### Supplied information

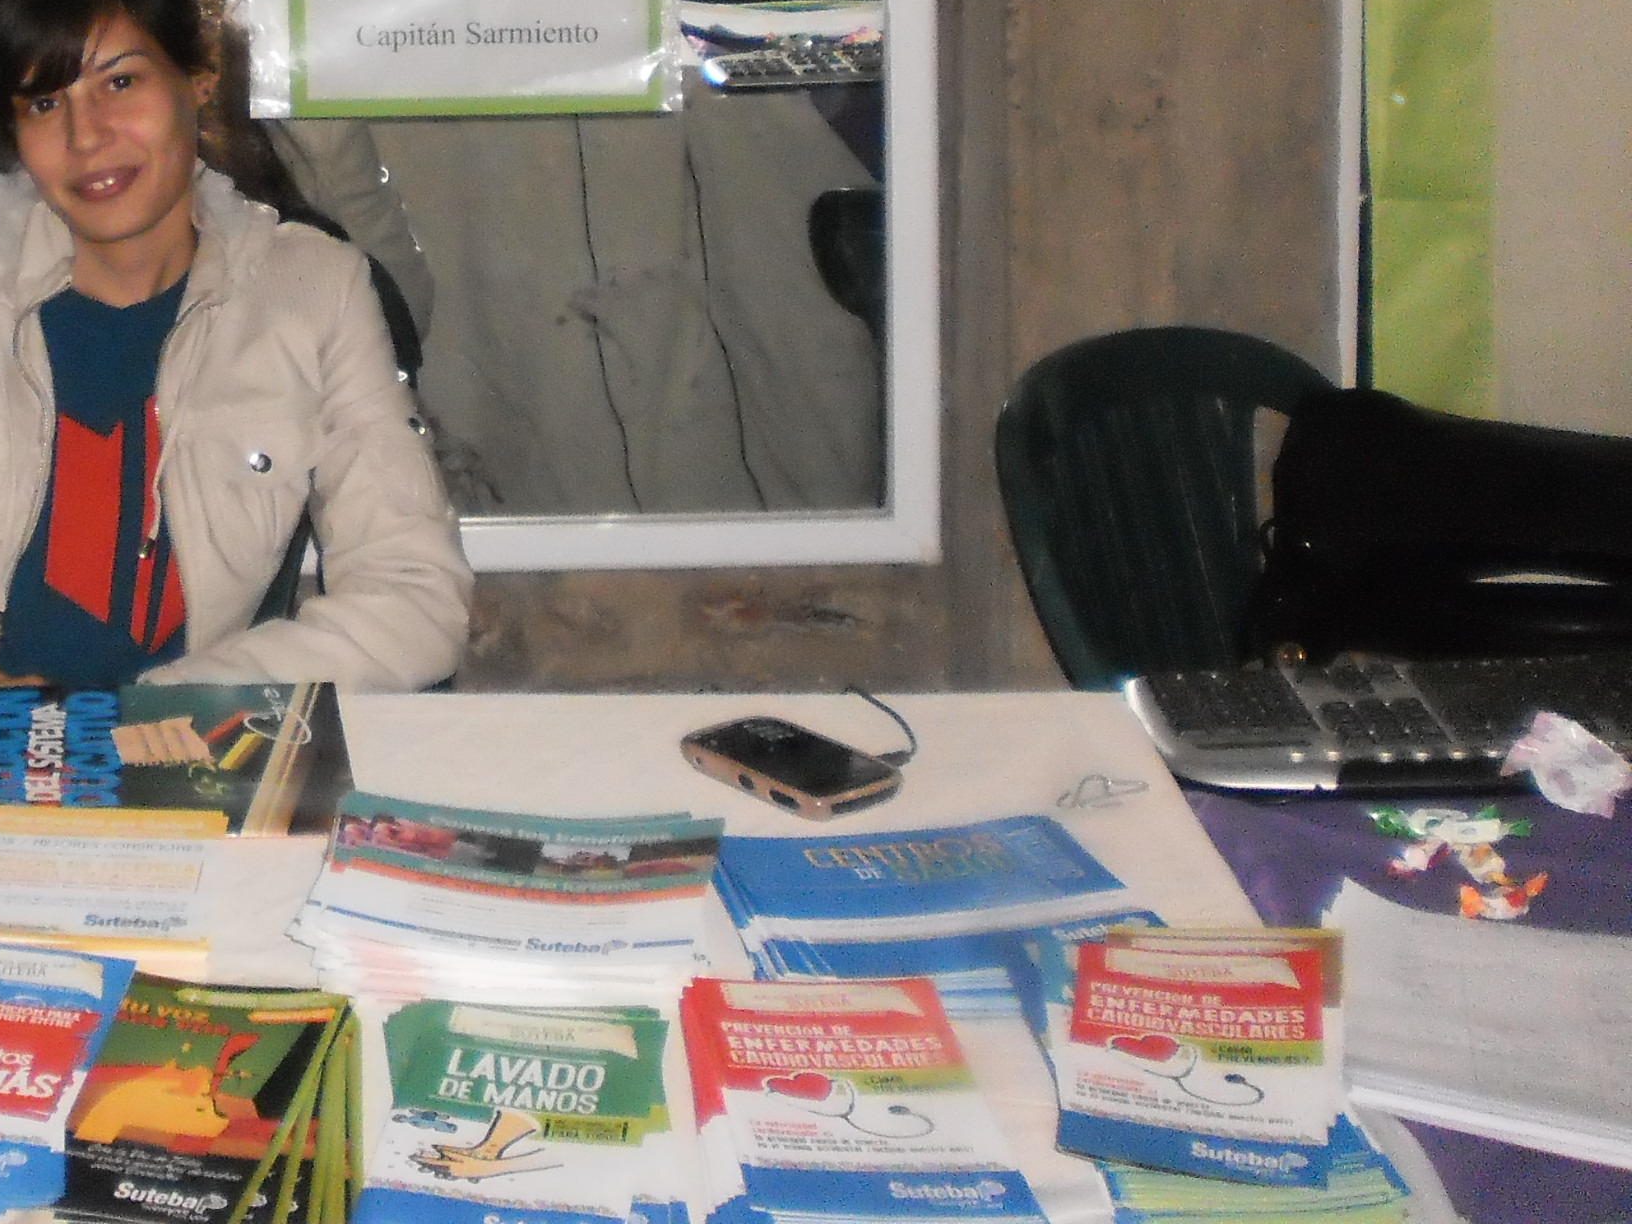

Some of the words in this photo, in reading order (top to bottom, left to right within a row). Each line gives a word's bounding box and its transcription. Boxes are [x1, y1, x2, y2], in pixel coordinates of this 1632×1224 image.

[356, 21, 456, 50] Capitán
[465, 19, 600, 48] Sarmiento
[83, 913, 162, 930] Suteba
[525, 937, 601, 954] Suteba
[1090, 995, 1306, 1025] ENFERMEDADES
[1202, 995, 1222, 1008] DE
[832, 1022, 853, 1037] DE
[1086, 1006, 1306, 1040] CARDIOVASCULARES
[726, 1034, 945, 1055] ENFERMEDADES
[445, 1047, 607, 1094] LAVADO
[438, 1076, 474, 1099] DE
[482, 1082, 600, 1115] MANOS
[1190, 1140, 1284, 1171] Suteba
[114, 1178, 199, 1209] Suteba
[888, 1178, 979, 1201] Suteba

######

▶ _Exercise goal_
Your task is to repeat the data above exactly while excluding the pictures.

▶ _Expected answer_
Some of the words in this photo, in reading order (top to bottom, left to right within a row). Each line gives a word's bounding box and its transcription. Boxes are [x1, y1, x2, y2], in pixel coordinates of this 1632×1224 image.

[356, 21, 456, 50] Capitán
[465, 19, 600, 48] Sarmiento
[83, 913, 162, 930] Suteba
[525, 937, 601, 954] Suteba
[1090, 995, 1306, 1025] ENFERMEDADES
[1202, 995, 1222, 1008] DE
[832, 1022, 853, 1037] DE
[1086, 1006, 1306, 1040] CARDIOVASCULARES
[726, 1034, 945, 1055] ENFERMEDADES
[445, 1047, 607, 1094] LAVADO
[438, 1076, 474, 1099] DE
[482, 1082, 600, 1115] MANOS
[1190, 1140, 1284, 1171] Suteba
[114, 1178, 199, 1209] Suteba
[888, 1178, 979, 1201] Suteba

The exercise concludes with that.